Music, like other arts, is highly creative, emotive and technical. But why was it included as a Liberating Art? Basically because it was regarded as being the direct introduction to the soul. “Not only the theory but also the practice of music is liberal because, like the other liberal arts, it aims at ordering something which is an object for the intelligence”[4]. That blend of creativity and technicality is also neatly exposed: “The tendencies and practices in music are only observed and catalogued upon analysis, after the fact. It is the hearts and minds of human beings that shape and weave melodies, harmonies, and rhythms together into meaningful tapestries, imbued with the interior landscapes of their immediate experiences”[5]. That blend of time (“after the fact”) and interiority (“hearts and minds”) is what makes it so powerful emotionally, and also why it is so important in terms of everything else that we do: everything we do should have this sense of being created within, and that sense of “after the fact” means that we can only begin the process of perceiving after we have applied the technical practice. The fact that we can only apply the technical practice after we have decided what to do brings us straight into the world of Active Inference that I have written about before. It is creating that joining-together of predictive coding and the management of surprise that predetermines the “weaving” of melodies, harmonies and rhythms. So Music turns out to be the key to understanding how we interact with the environment.

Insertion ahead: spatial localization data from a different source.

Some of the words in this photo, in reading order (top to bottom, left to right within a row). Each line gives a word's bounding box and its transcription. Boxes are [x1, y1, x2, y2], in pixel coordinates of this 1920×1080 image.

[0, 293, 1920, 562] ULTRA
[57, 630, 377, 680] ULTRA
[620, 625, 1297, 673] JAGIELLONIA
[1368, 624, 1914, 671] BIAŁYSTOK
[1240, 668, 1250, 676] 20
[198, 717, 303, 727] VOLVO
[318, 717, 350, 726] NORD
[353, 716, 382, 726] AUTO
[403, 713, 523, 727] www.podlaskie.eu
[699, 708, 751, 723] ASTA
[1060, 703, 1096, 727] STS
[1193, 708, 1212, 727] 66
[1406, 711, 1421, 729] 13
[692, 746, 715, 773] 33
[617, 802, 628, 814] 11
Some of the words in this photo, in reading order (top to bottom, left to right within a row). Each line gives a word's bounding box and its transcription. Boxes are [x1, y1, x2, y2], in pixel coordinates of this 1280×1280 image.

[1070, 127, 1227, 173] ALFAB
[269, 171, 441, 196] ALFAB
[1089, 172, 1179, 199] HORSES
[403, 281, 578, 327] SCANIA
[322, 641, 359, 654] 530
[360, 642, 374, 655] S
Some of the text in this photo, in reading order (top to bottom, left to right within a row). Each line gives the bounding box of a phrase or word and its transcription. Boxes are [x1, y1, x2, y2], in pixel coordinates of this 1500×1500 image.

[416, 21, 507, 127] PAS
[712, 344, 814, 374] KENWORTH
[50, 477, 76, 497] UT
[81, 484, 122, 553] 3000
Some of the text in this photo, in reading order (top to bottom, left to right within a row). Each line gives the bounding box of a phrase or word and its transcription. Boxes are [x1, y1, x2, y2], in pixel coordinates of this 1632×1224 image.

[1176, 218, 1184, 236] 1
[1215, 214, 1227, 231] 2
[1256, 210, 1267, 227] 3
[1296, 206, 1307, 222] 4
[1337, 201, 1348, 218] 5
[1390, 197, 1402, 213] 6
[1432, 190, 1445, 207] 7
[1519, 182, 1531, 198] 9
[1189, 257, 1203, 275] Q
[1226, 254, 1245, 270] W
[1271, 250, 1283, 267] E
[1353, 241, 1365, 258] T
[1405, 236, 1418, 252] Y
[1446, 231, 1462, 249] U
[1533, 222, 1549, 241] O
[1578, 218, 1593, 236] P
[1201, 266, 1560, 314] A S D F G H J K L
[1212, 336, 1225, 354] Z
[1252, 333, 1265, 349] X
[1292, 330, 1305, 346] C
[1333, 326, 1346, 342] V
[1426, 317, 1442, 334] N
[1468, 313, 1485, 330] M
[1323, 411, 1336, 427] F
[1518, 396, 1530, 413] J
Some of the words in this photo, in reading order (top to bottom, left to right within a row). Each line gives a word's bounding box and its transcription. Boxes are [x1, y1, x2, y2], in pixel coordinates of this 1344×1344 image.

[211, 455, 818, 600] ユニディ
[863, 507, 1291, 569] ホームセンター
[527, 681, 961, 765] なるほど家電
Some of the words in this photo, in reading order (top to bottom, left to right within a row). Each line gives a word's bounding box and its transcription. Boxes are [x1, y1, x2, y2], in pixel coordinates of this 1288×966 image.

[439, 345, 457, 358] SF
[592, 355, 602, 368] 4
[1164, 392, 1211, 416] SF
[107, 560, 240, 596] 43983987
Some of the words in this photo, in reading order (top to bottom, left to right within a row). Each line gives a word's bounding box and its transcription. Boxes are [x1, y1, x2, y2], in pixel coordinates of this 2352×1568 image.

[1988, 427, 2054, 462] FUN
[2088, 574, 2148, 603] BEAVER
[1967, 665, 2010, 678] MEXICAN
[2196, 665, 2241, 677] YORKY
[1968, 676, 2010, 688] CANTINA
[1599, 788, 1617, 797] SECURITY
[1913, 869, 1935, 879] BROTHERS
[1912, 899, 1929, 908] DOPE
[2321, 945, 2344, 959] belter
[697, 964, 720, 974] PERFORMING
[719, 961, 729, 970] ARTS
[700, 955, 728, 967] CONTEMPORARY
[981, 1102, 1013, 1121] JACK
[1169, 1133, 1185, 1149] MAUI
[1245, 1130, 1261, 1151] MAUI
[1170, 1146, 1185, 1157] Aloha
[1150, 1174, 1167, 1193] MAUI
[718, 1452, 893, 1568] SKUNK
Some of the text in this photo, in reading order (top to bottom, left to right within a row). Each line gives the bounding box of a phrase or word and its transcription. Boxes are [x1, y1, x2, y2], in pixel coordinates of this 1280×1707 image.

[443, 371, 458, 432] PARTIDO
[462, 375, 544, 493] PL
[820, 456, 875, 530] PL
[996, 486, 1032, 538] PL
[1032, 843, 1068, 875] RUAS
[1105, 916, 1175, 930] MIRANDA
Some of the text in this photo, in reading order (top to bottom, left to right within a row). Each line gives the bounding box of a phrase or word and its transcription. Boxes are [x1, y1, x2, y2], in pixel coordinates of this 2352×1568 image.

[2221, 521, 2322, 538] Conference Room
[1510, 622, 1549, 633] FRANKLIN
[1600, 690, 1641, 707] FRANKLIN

This raised another question in my mind though. How do we hear music so that this complex creativity-technicality can actually introduce us to our soul? This means understanding about the relationship between the environment and the way in which our hearing system works. We have seen in previous articles how we used the understanding of how our hearing works to inform the design of the alert sound for e-scooters. In that work we found that the whole issue of how a sound starts affects the way you hear it. Therefore ‘starts’ are important: cut the ‘start’ of a particular note and you could not tell whether it is being played by a flute or a trumpet. Of course, the body of the sound is very important too. So a space where you hear music has to be good at both the starts and bodies of sounds. It needs to have enough reverberation to allow you to combine sounds together to hear harmony and yet not be so reverberant that you cannot distinguish different rhythms.
So it is complicated.
In recent years, acoustic engineers and architects have made massive progress in designing music spaces, and a lot of the challenges have been resolved, and yet, it is acknowledged (occasionally) that it doesn’t quite work in reality (“… I had a conversation with the concertmaster, principal clarinet, and other section leaders [who reported that] they were concerned with the conditions in the new hall and that the stage acoustics were problematic… However, this is a very normal occurrence”[6]). In such cases, sometimes the situation reported later is that the acoustics are fine (even though nothing has actually been done). Sometimes it is a matter of massive and expensive remediation.
But my own impression of several of these halls is a bit unsatisfactory: the sound has a glorious tone, but I don’t hear the ‘starts’. I wonder if the physics and architectural challenges have been satisfied but that the interiority question has been lost?
No concert hall has had the opportunity to test the combination of acoustics, visual effects, smell etc. with a real audience or performers before it has been built. Sounds rather obvious, doesn’t it? And the modelling is very clever. But is the interiority being modelled? How does the hall perform in terms of Active Inference?
In PEARL, we could (with some adjustments which we are planning now) create a prospective concert hall during the design phase, with these features as being proposed and the proposed acoustics characteristics to see how actual performers and audiences respond to the multisensorial aspect of being, experiencing, performing, and listening in such a place. Maybe we can then understand more about the interiority of music and its place in the Liberating Arts.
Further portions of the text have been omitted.